Spatial localization data

[Start of section]

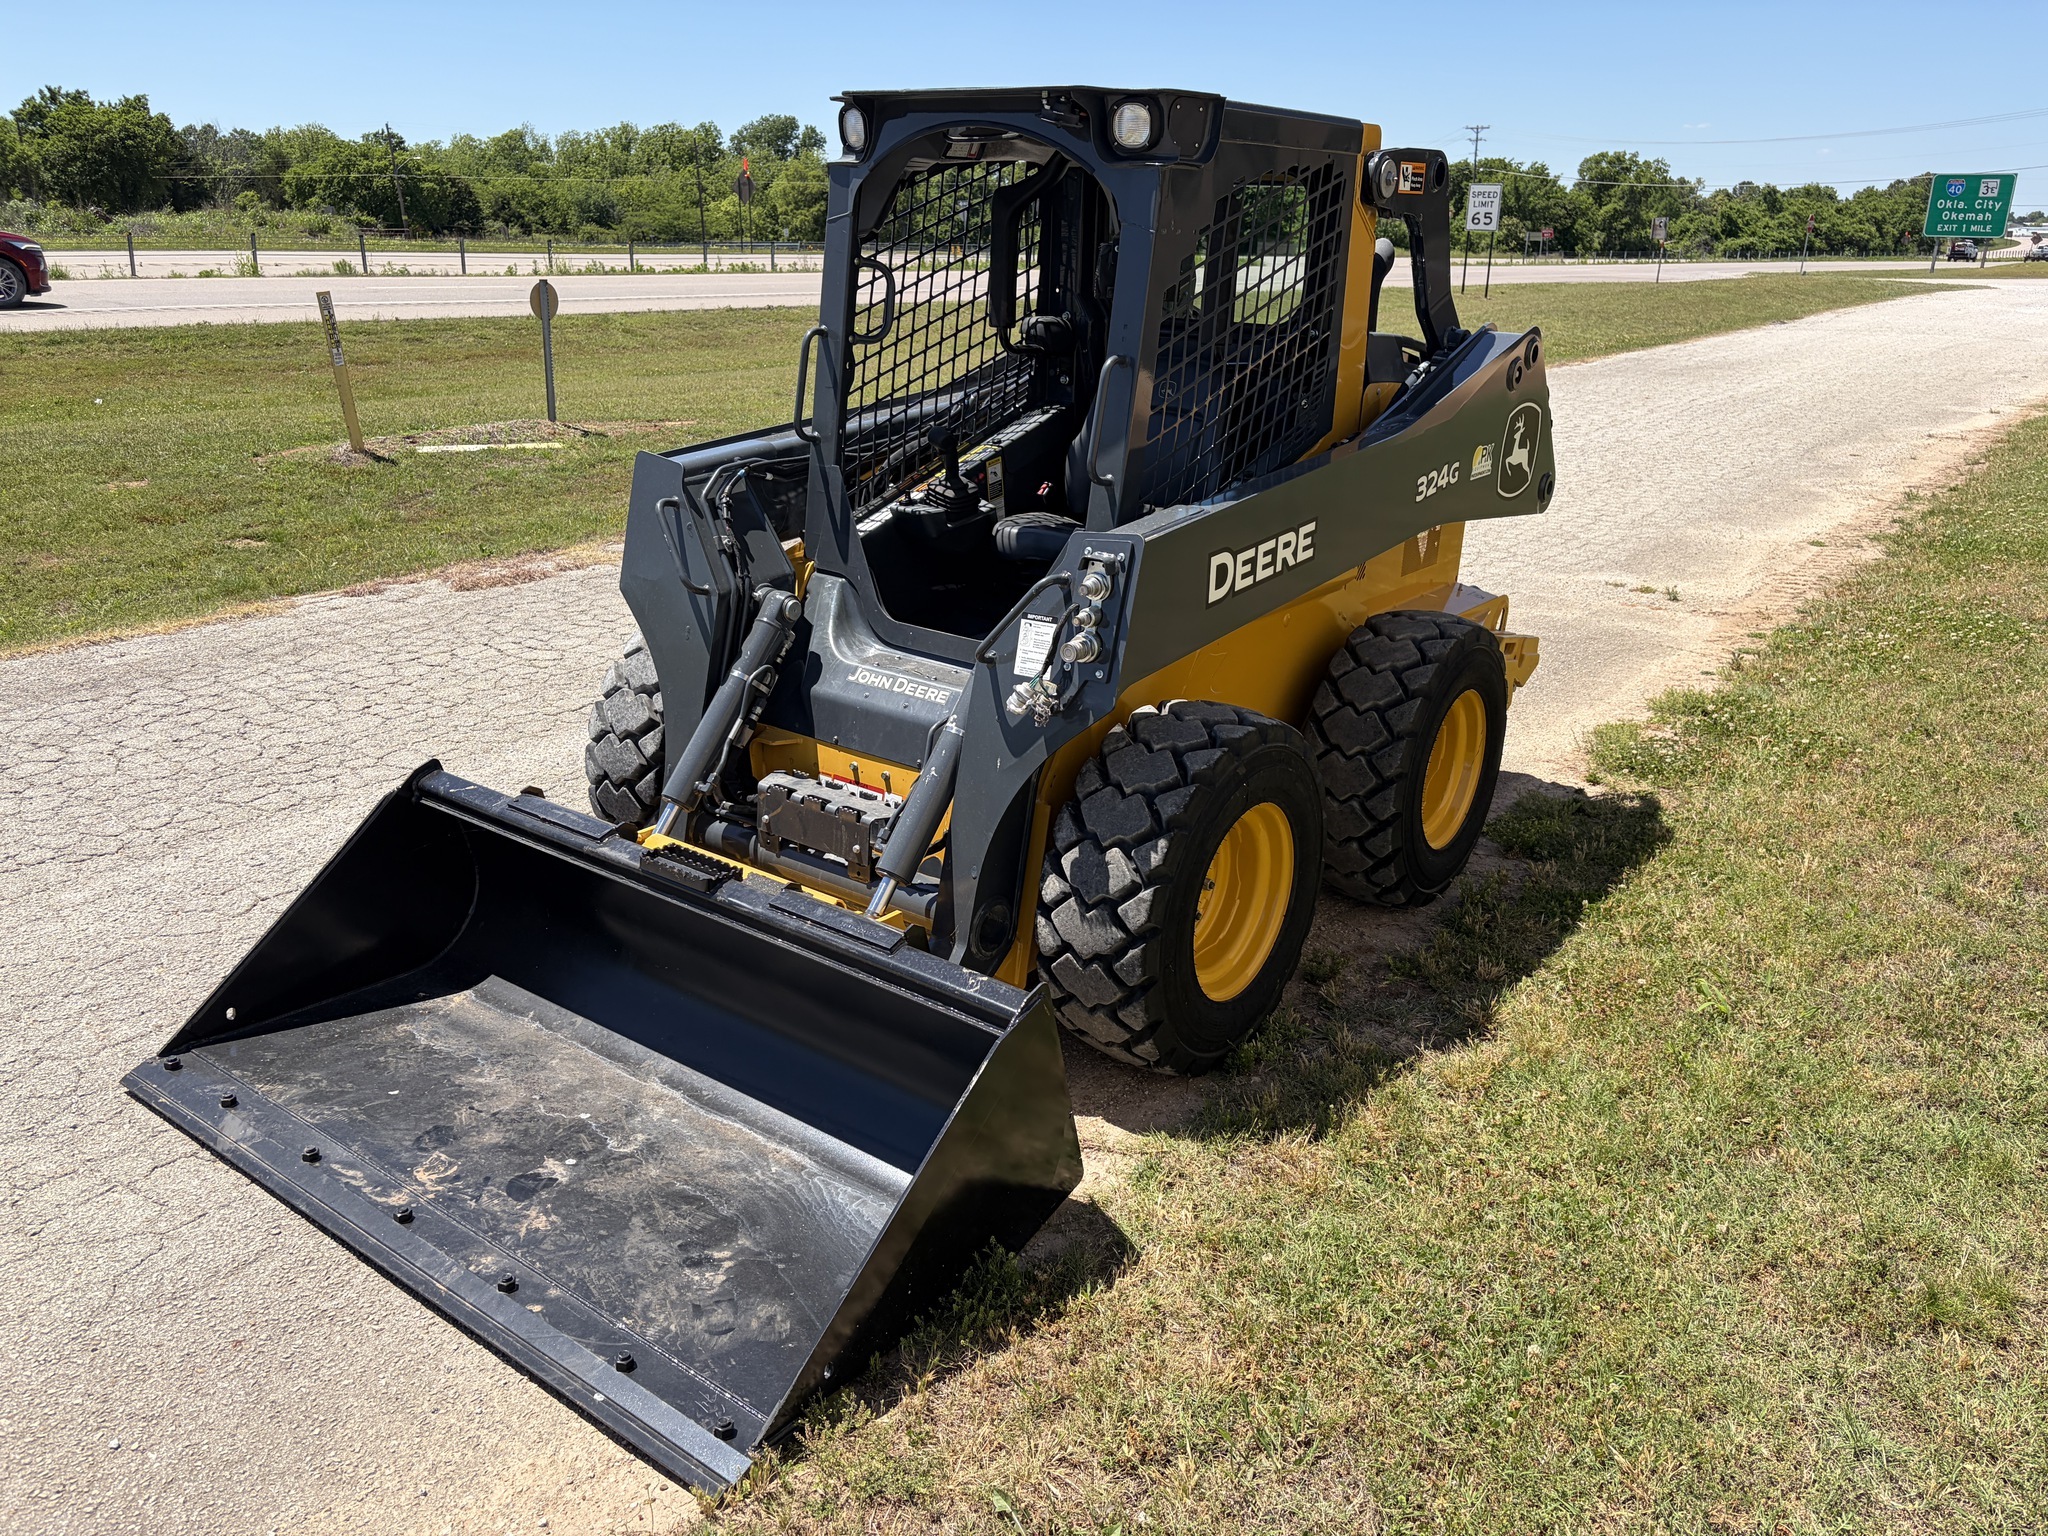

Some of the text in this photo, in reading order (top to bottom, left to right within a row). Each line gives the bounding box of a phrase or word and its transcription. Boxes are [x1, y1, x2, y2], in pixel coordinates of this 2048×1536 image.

[1471, 190, 1498, 199] SPEED
[1948, 185, 1963, 194] 40
[1472, 200, 1494, 208] LIMIT
[1937, 199, 2002, 211] Okla. City
[1471, 212, 1493, 226] 65
[1942, 211, 1992, 221] Okemah
[1937, 224, 1958, 232] EXIT
[1415, 461, 1460, 502] 324G
[1207, 521, 1317, 604] DEERE
[1027, 613, 1053, 622] IMPORTANT
[847, 667, 951, 703] JOHN DEERE
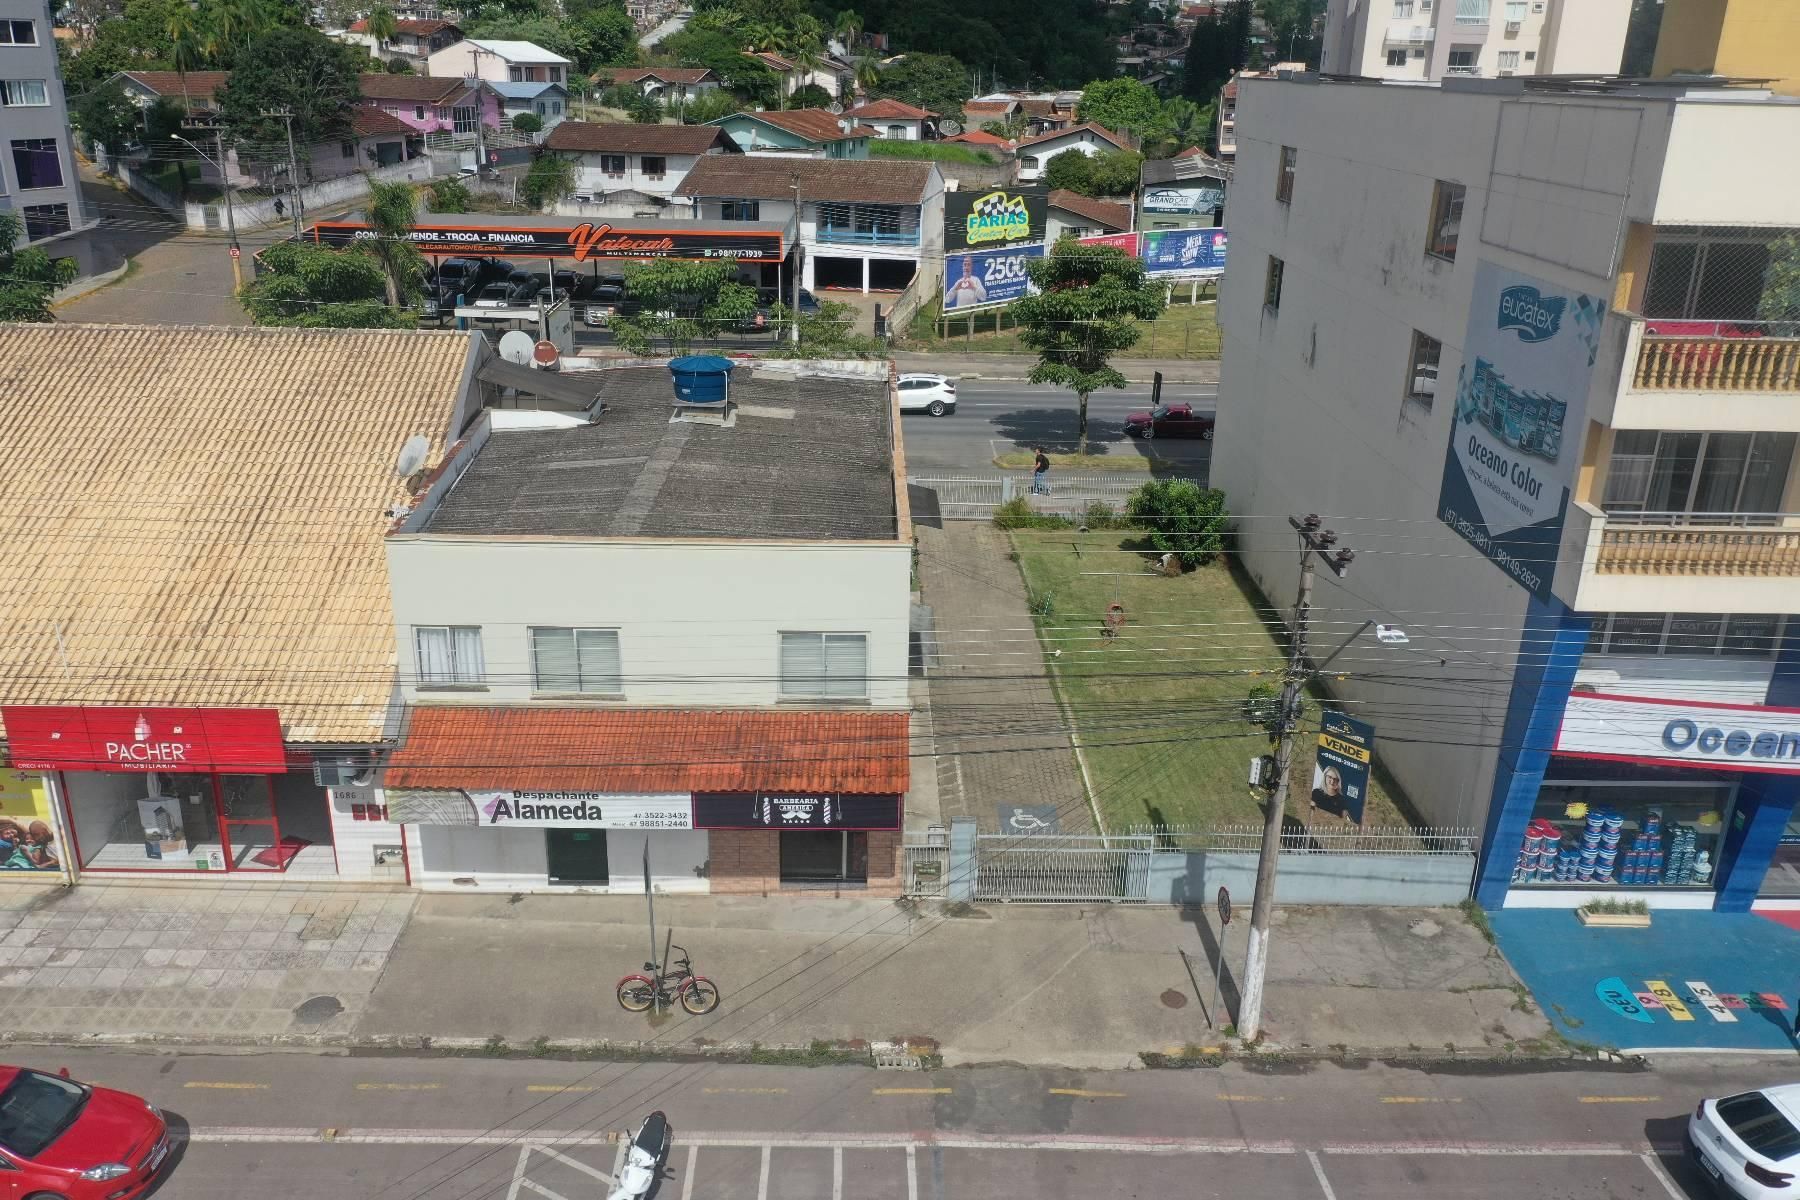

[End of section]

Return all of the records above exactly as written. Omit each picture.

Answer box |
Some of the text in this photo, in reading order (top to bottom, left to right within a row). Each line gives the bounding box of a phrase or word and its transcription. Boxes are [x1, y1, x2, y2], in pixel coordinates of this 2048×1536 image.

[1471, 190, 1498, 199] SPEED
[1948, 185, 1963, 194] 40
[1472, 200, 1494, 208] LIMIT
[1937, 199, 2002, 211] Okla. City
[1471, 212, 1493, 226] 65
[1942, 211, 1992, 221] Okemah
[1937, 224, 1958, 232] EXIT
[1415, 461, 1460, 502] 324G
[1207, 521, 1317, 604] DEERE
[1027, 613, 1053, 622] IMPORTANT
[847, 667, 951, 703] JOHN DEERE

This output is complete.